-- PROBLEM --
When you copy the data that follows, reproduce every word exactly and leave out the images.

___

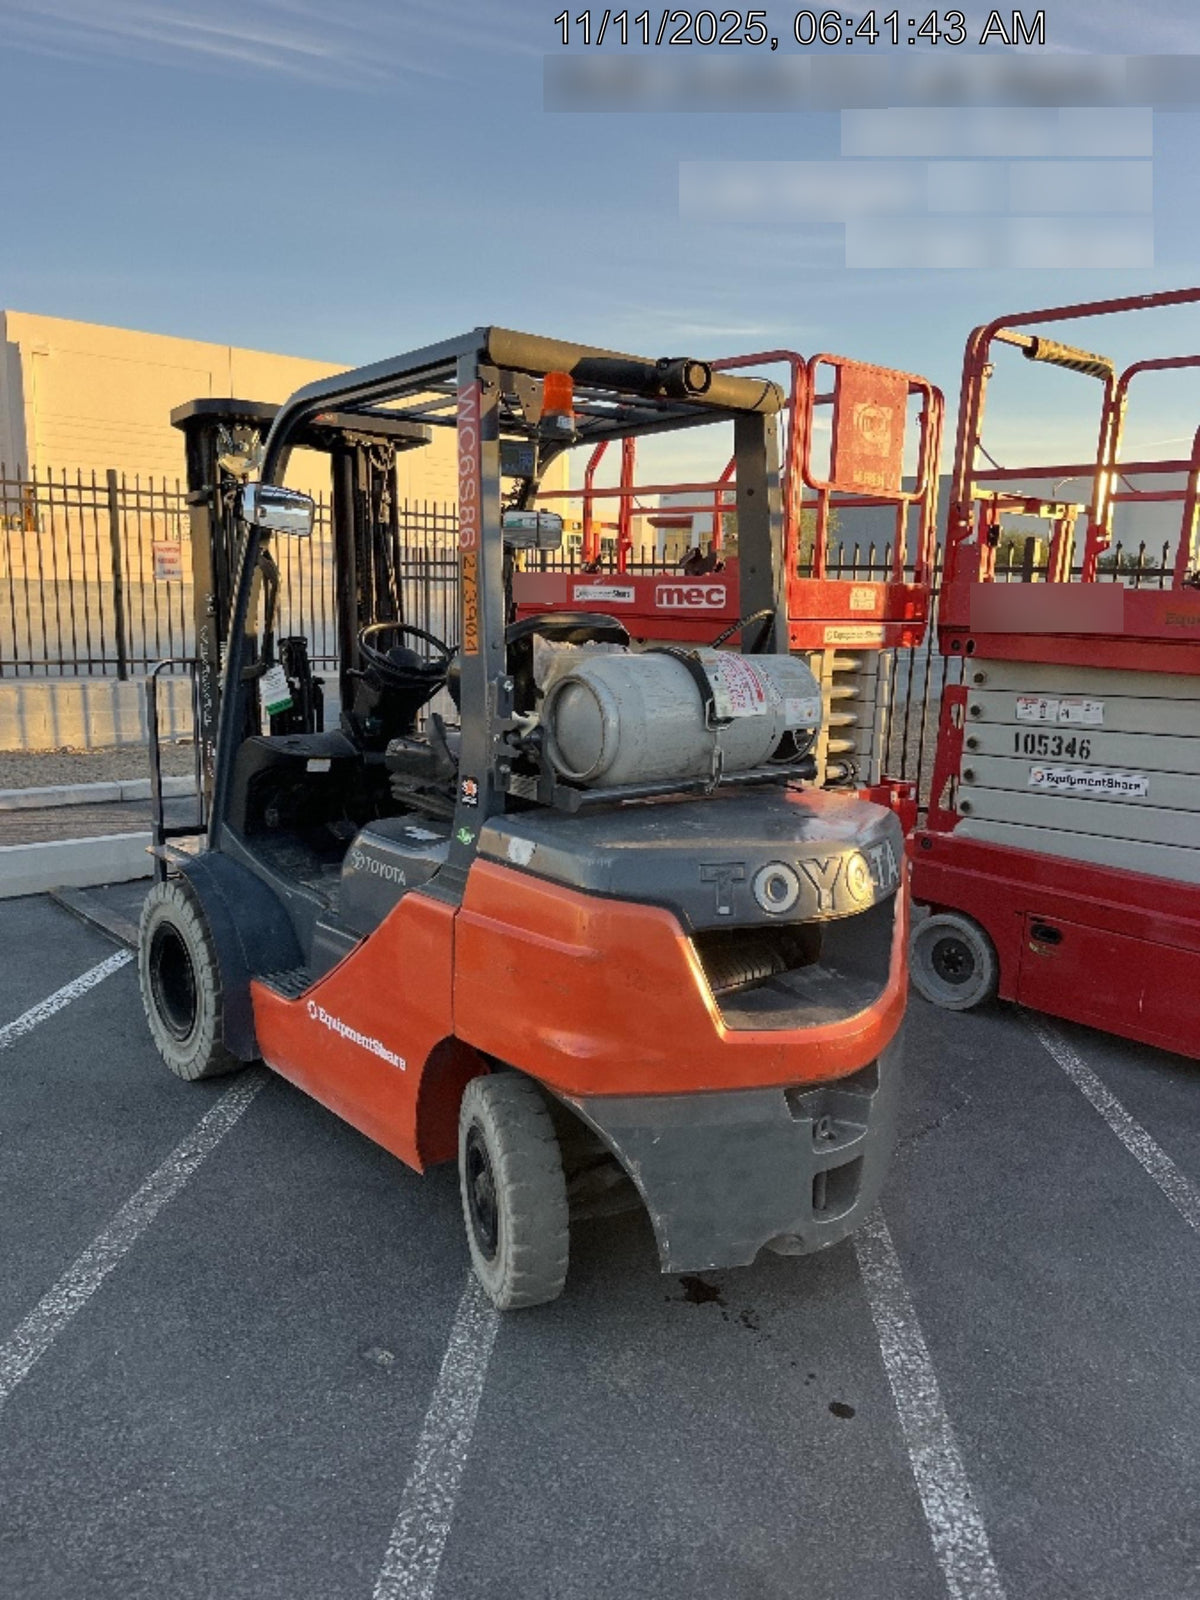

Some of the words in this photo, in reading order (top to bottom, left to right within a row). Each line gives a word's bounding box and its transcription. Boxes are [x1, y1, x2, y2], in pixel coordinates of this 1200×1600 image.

[657, 586, 725, 607] mec
[1014, 732, 1091, 760] 105346
[1046, 773, 1141, 791] EquipmentShare
[365, 856, 407, 886] TOYOTA
[699, 839, 899, 916] TOYOTA
[318, 1006, 407, 1072] EquipmentShare

___

-- SOLUTION TO THE EXERCISE --
Some of the words in this photo, in reading order (top to bottom, left to right within a row). Each line gives a word's bounding box and its transcription. Boxes are [x1, y1, x2, y2], in pixel coordinates of this 1200×1600 image.

[657, 586, 725, 607] mec
[1014, 732, 1091, 760] 105346
[1046, 773, 1141, 791] EquipmentShare
[365, 856, 407, 886] TOYOTA
[699, 839, 899, 916] TOYOTA
[318, 1006, 407, 1072] EquipmentShare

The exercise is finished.